This is surely the year of Linux, judging by Fall Comdex ’99. The open-source operating system is all over the show, including at a keynote address, that great litmus test of buzz.
Linux creator Linus Torvalds spoke to a packed ballroom Monday, and the head of application-maker Corel Corp., among others, declared that Linux’s time is now.
“DOS had 10 years, Windows has had the last 10 years and now it’s time for Linux,” said Michael Cowpland, president and chief executive officer of Corel.
Linux is an open OS that has made inroads in the server market but has lagged on the desktop. The knock against Linux has long been that it is too difficult to work with and that there are no applications for it.
“At this point, the perception is that Linux is viable (only) for servers,” said Dan Kusnetzky, a program director at International Data Corp., a research firm in Framingham, Mass.
But at Comdex, announcements and demonstrations from the show floor might change that perception.
Toolmaker Inprise Corp. said it will ship JBuilder for Linux, a Java development tool, in the first quarter of next year, and Linux versions of Inprise’s Delphi and CBuilder will be available in mid-2000, according to Michael Swindell, senior product manager for Linux tools at Inprise. Linux company Red Hat Inc. this week announced its purchase of another Linux company, Cygnus Solutions, for US$674 million, which Red Hat officials said makes the company the biggest Linux services company in the world. On the software side, Corel Corp. is demonstrating six applications for Linux at its booth here this week, including WordPerfect 8, QuattroPro, Paradox and Presentations. “Today, Linux is as easy to use as Windows,” Corel’s Cowpland said.
The arrival of desktop applications is key to computer systems administrator Paul Stoecker’s interest in Corel Linux. Stoecker works for Panasonic Technologies Inc. and supports highly technical users as well as others who simply need a word processor and spreadsheet. “We have a lot of normal business users, in addition to researchers,” Stoecker said. Stoecker’s users are running Solaris, Windows NT and Windows, but the arrival of the Corel Linux OS and related applications may change that equation, he said.
Many users echoed Stoecker’s comments, including Sam McCall, statewide technical support manager at Pacific Bell in Pasadena, Calif. “I’ve got split workgroups,” McCall said. McCall’s business users work on desktops running Windows NT, Windows 98 and Windows 95 and his technical users have Linux.

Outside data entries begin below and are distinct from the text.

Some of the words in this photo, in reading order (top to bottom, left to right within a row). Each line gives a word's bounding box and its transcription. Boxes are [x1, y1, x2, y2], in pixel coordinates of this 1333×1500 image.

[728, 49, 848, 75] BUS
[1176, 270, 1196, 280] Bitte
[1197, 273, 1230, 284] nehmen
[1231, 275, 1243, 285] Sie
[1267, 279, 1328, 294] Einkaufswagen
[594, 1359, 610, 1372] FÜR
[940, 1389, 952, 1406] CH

If Linux is increasingly seen as becoming easier to use and the number of Linux apps increase, the operating system could make real inroads into the corporate market. The growth opportunity for Linux is quite significant, according to IDC. The Linux operating environment, both client and server, is expected to achieve a 25 per cent compound annual growth rate through 2003, according to Kusnetzky. That will include, on the server side, Linux’s securing the number-two spot, behind NT but ahead of NetWare and Unix, Kusnetzky said.

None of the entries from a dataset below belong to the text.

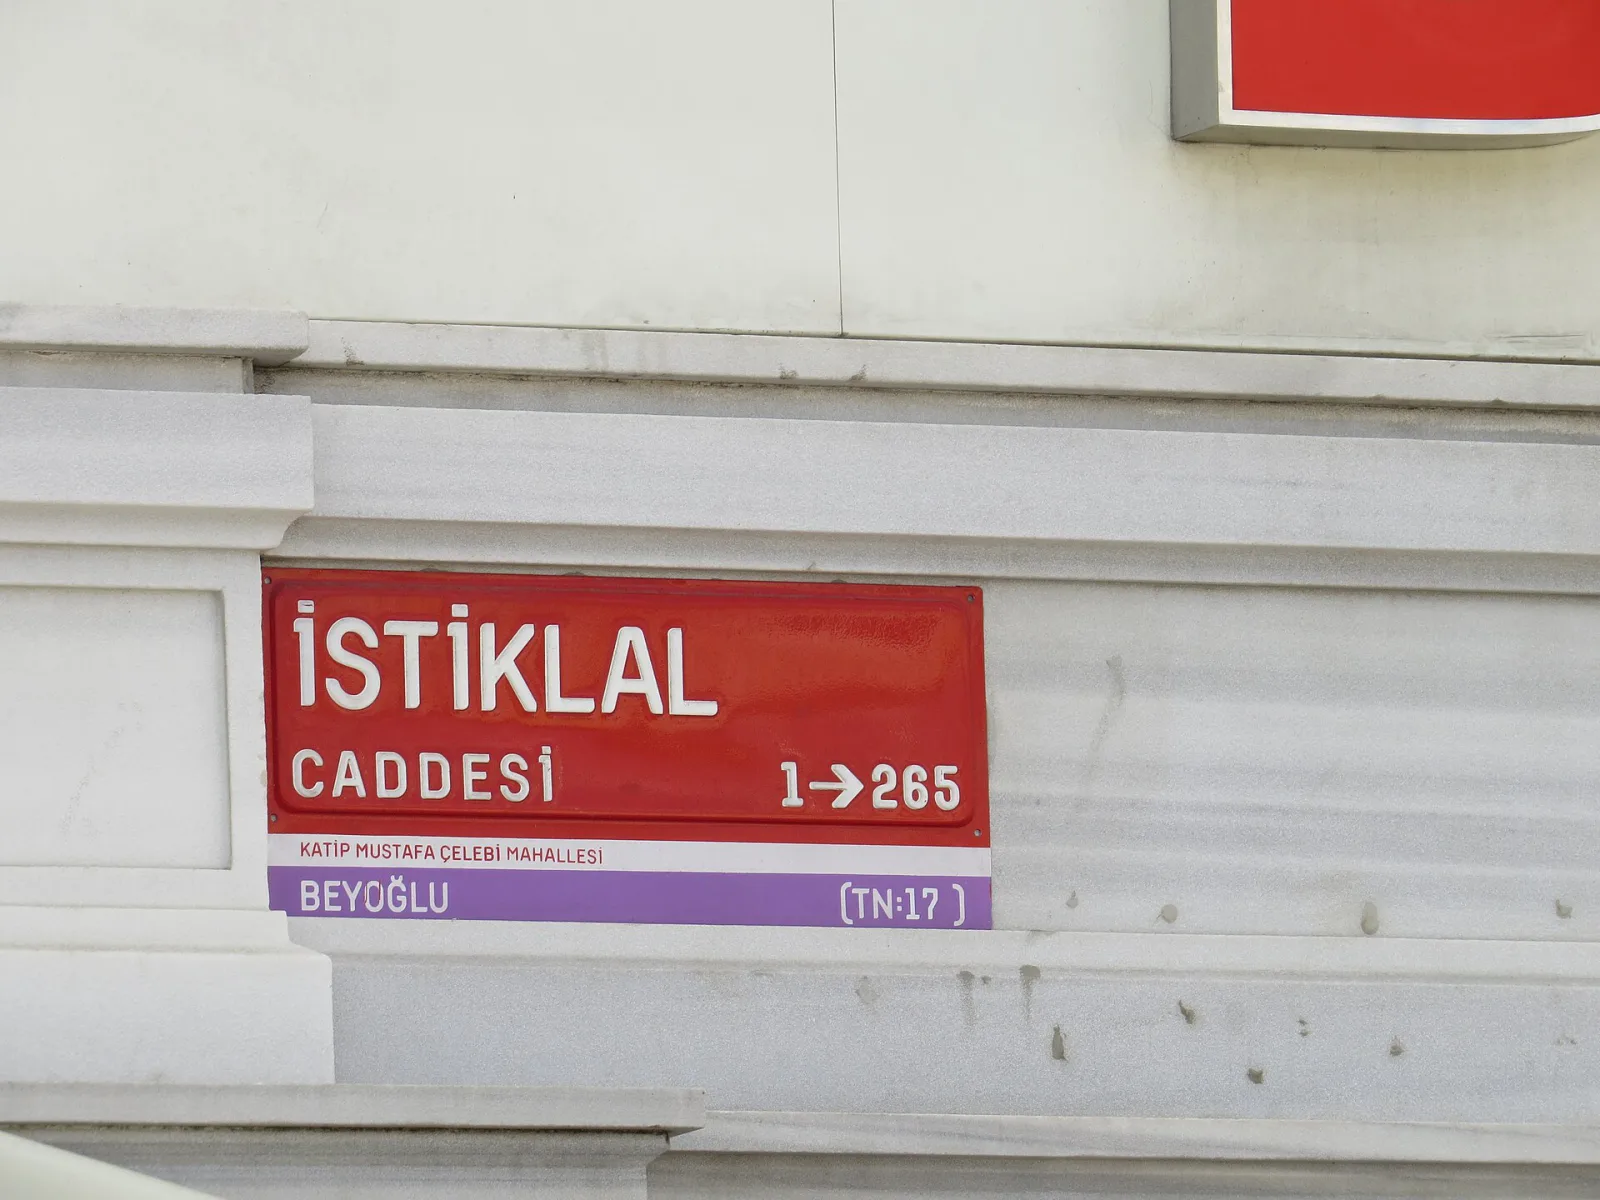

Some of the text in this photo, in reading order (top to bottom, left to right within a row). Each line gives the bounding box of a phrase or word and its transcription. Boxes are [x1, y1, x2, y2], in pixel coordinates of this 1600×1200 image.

[293, 600, 719, 716] İSTİKLAL
[292, 746, 553, 802] CADDESİ
[780, 761, 961, 811] 1 265
[300, 840, 603, 865] KATİP MUSTAFA ÇELEBİ MAHALLESİ
[300, 875, 449, 914] BEYOĞLU

Another potential accelerant of Linux’s success, though hard to measure, is user glee in the open-source, “for-the-people” aspect of Linux. Many attendees expressed delight that Linux has evolved to the point where it can be positioned against Microsoft.
“It’s great because [it offers] more than one choice,” said Paul Nankivell, a software engineer in Simi Valley, Calif. “Windows is like a Ford Edsel (and) it’s not the only car on the road anymore.”
Some users are welcoming Linux simply because they find it fun.
“I have a Linux box out in my shop,” said Gary Norris, who is attending Comdex on behalf of his volunteer work as the IT guy for Accelerated Learning Academy, a kindergarten to 12th-grade non-profit school for handicapped and disabled youngsters in Lancaster, Calif. Norris uses his shop to fix hand-me-down computers used at the school and he also likes to write code.
Norris, who confesses to being a serious geek, likes to write his own applications for things like home financial tracking. He prefers his software simple and so avoids shrink-wrapped packages that have functions he doesn’t need or want.
“It allows me to get back into the program that I’m used to doing,” he said of Linux, adding that he’s not much into Visual Basic, for instance.
But not everyone is eager to get their hands on whatever the latest and greatest technology is. The Artglo Co., a 15-person design firm in Columbus, Ohio, will make do with Windows 98 rather than explore reputedly more stable operating systems such as Linux, according to Grant Beavers, vice-president of Artglo.
“I guess I just feel that’s a whole other piece of software I’d have to learn,” Beavers said. “We don’t have time. We’re too small.”